Sometimes it is popularly asserted that the Emperor and/or the bishops at Nicaea invented the idea that Jesus is God incarnate. Of course, that has been clearly refuted in scholarship, but conspiracy stories are so much fun and more interesting to pass along. I (Ben) am heading to give a lecture at Huntington University in a couple of weeks on Justin Martyr, Paul and the issue of circumcision, so I have been rereading the Dialogue with Trypho and was reminded of this gem on Christology:
Chapter 48 “We have now heard your opinion on these matters,” interrupted Trypho. “Resume your discourse where you left off, and bring it to an end, for it seems to be entirely absurd and utterly impossible of proof.
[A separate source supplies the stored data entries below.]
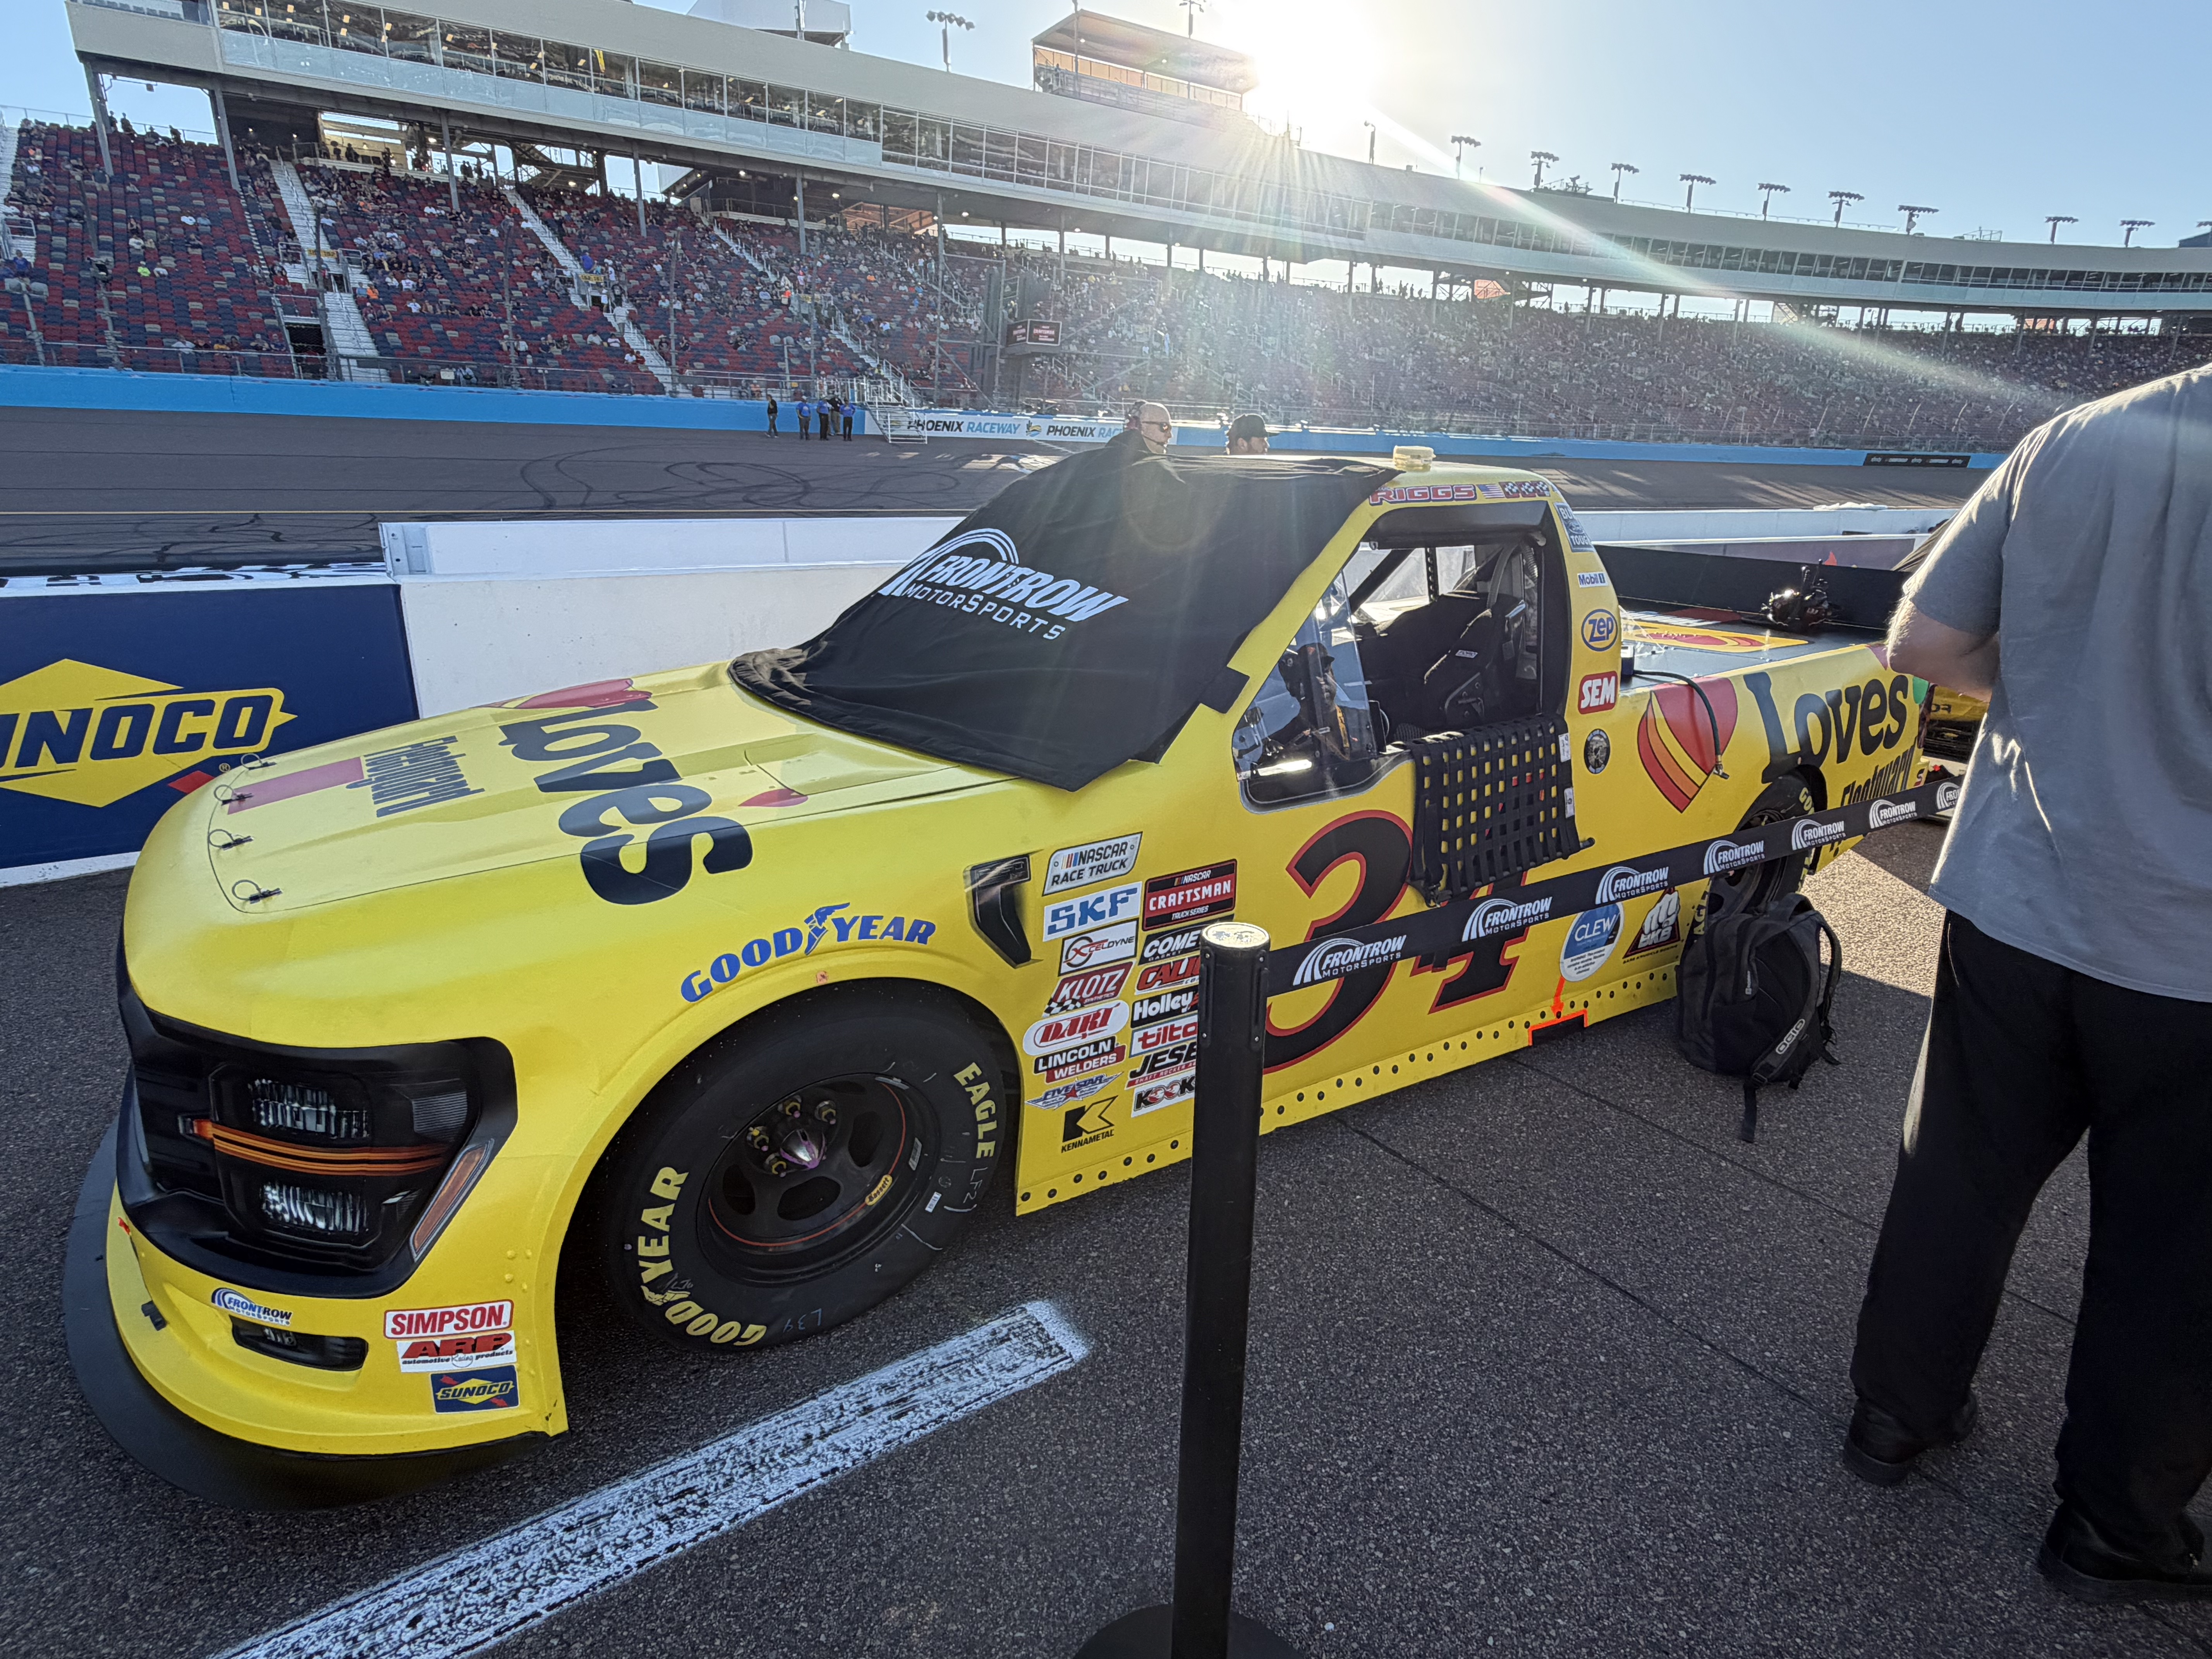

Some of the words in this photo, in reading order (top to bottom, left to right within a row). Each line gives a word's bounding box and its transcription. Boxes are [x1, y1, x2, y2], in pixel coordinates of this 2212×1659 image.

[907, 420, 964, 432] PHOENIX
[967, 422, 1020, 434] RACEWAY
[1046, 426, 1096, 438] PHOENIX
[1369, 485, 1477, 505] RIGGS
[1570, 535, 1590, 546] TOUG
[917, 555, 1129, 623] FRONTROW
[1578, 574, 1599, 585] Mobil
[1580, 676, 1615, 709] SEM
[0, 695, 273, 768] NOCO
[346, 735, 486, 818] Fleetguard
[1880, 801, 1915, 819] FRONTROW
[1804, 821, 1844, 841] FRONTROW
[1078, 841, 1128, 866] NASCAR
[1718, 841, 1764, 864] FRONTROW
[1052, 868, 1085, 886] RACE
[1088, 858, 1128, 876] TRUCK
[1183, 870, 1211, 884] NASCAR
[1614, 867, 1669, 891] FRONTROW
[1149, 880, 1231, 911] CRAFTSMAN
[1048, 888, 1137, 935] SKF
[1171, 911, 1190, 921] TRUCK
[1190, 905, 1209, 917] SERIES
[1485, 896, 1553, 928] FRONTROW
[1575, 914, 1616, 941] CLEW
[1144, 930, 1200, 958] COME
[1322, 935, 1406, 971] FRONTROW
[1058, 969, 1125, 1002] KLOTZ
[1133, 991, 1194, 1021] Holley
[1039, 1003, 1120, 1044] DART
[1138, 1022, 1198, 1049] tilto
[1038, 1039, 1111, 1070] LINCOLN
[1054, 1053, 1116, 1079] WELDERS
[1130, 1042, 1197, 1079] JESE
[1043, 1084, 1072, 1101] FIVE
[1076, 1075, 1103, 1089] STAR
[1135, 1075, 1195, 1110] KOOK
[953, 1062, 998, 1159] EAGLE
[1061, 1129, 1115, 1153] KENNAMETAL
[228, 1297, 292, 1321] FRONTROW
[391, 1305, 504, 1335] SIMPSON
[401, 1333, 512, 1359] ARP
[475, 1350, 513, 1360] products
[440, 1382, 513, 1399] SUNOCO
Your statement that this Christ existed as God before all ages, and then that He consented to be born and become man, yet that He is not of human origin, appears to be not only paradoxical, but preposterous.”  “I am aware,” I replied, “that my assertion must seem paradoxical, especially to you Jews, who were never in the least interested in knowing or doing the things of God, but only the things of your teachers, as God Himself testifies [cf. Isa 29.3]. However, Trypho, the fact that this Man is the Christ of God, is not to be denied, even if I were unable to prove that He, being God, pre-existed as the Son of the Creator of the universe and became Man through a virgin.
No nuanced reading or sophisticated hermeneutic to get the main idea here. Of course, the ontology of Nicaea is still wanting, but this is about as clear as an economic description of theology as you can get, and this is about 175 years before Nicaea. Irenaeus has equally clear statements about Jesus as God, dating to just a few years after Justin’s work.